Data for analysis:
○ ○ ○
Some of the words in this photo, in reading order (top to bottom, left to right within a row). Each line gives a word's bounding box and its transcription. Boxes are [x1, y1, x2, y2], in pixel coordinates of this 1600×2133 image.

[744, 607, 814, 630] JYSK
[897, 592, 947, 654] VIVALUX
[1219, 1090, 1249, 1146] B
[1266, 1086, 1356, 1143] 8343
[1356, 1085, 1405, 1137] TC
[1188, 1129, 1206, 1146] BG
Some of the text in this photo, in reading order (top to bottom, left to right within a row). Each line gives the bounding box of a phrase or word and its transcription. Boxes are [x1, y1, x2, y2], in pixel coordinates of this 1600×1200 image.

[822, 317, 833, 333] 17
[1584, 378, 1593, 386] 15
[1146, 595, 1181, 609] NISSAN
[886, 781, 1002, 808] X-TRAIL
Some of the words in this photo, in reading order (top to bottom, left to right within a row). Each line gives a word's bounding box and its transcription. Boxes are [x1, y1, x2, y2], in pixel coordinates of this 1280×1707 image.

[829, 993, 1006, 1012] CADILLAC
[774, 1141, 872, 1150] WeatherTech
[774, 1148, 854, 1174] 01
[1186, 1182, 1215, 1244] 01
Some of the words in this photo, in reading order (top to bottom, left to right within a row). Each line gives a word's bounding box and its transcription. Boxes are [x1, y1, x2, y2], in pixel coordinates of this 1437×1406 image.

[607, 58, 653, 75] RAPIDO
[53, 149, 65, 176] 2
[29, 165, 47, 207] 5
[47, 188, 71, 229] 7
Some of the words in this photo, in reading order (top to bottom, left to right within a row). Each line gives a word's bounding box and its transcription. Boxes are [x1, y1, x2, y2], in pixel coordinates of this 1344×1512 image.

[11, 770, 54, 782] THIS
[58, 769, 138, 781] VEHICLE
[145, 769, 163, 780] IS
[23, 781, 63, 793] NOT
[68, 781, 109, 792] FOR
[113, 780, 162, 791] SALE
○ ○ ○
Problem description:
Restate the whole listing word for word so that no line differs from the original.

Written solution:
Some of the words in this photo, in reading order (top to bottom, left to right within a row). Each line gives a word's bounding box and its transcription. Boxes are [x1, y1, x2, y2], in pixel coordinates of this 1600×2133 image.

[744, 607, 814, 630] JYSK
[897, 592, 947, 654] VIVALUX
[1219, 1090, 1249, 1146] B
[1266, 1086, 1356, 1143] 8343
[1356, 1085, 1405, 1137] TC
[1188, 1129, 1206, 1146] BG
Some of the text in this photo, in reading order (top to bottom, left to right within a row). Each line gives the bounding box of a phrase or word and its transcription. Boxes are [x1, y1, x2, y2], in pixel coordinates of this 1600×1200 image.

[822, 317, 833, 333] 17
[1584, 378, 1593, 386] 15
[1146, 595, 1181, 609] NISSAN
[886, 781, 1002, 808] X-TRAIL
Some of the words in this photo, in reading order (top to bottom, left to right within a row). Each line gives a word's bounding box and its transcription. Boxes are [x1, y1, x2, y2], in pixel coordinates of this 1280×1707 image.

[829, 993, 1006, 1012] CADILLAC
[774, 1141, 872, 1150] WeatherTech
[774, 1148, 854, 1174] 01
[1186, 1182, 1215, 1244] 01
Some of the words in this photo, in reading order (top to bottom, left to right within a row). Each line gives a word's bounding box and its transcription. Boxes are [x1, y1, x2, y2], in pixel coordinates of this 1437×1406 image.

[607, 58, 653, 75] RAPIDO
[53, 149, 65, 176] 2
[29, 165, 47, 207] 5
[47, 188, 71, 229] 7
Some of the words in this photo, in reading order (top to bottom, left to right within a row). Each line gives a word's bounding box and its transcription. Boxes are [x1, y1, x2, y2], in pixel coordinates of this 1344×1512 image.

[11, 770, 54, 782] THIS
[58, 769, 138, 781] VEHICLE
[145, 769, 163, 780] IS
[23, 781, 63, 793] NOT
[68, 781, 109, 792] FOR
[113, 780, 162, 791] SALE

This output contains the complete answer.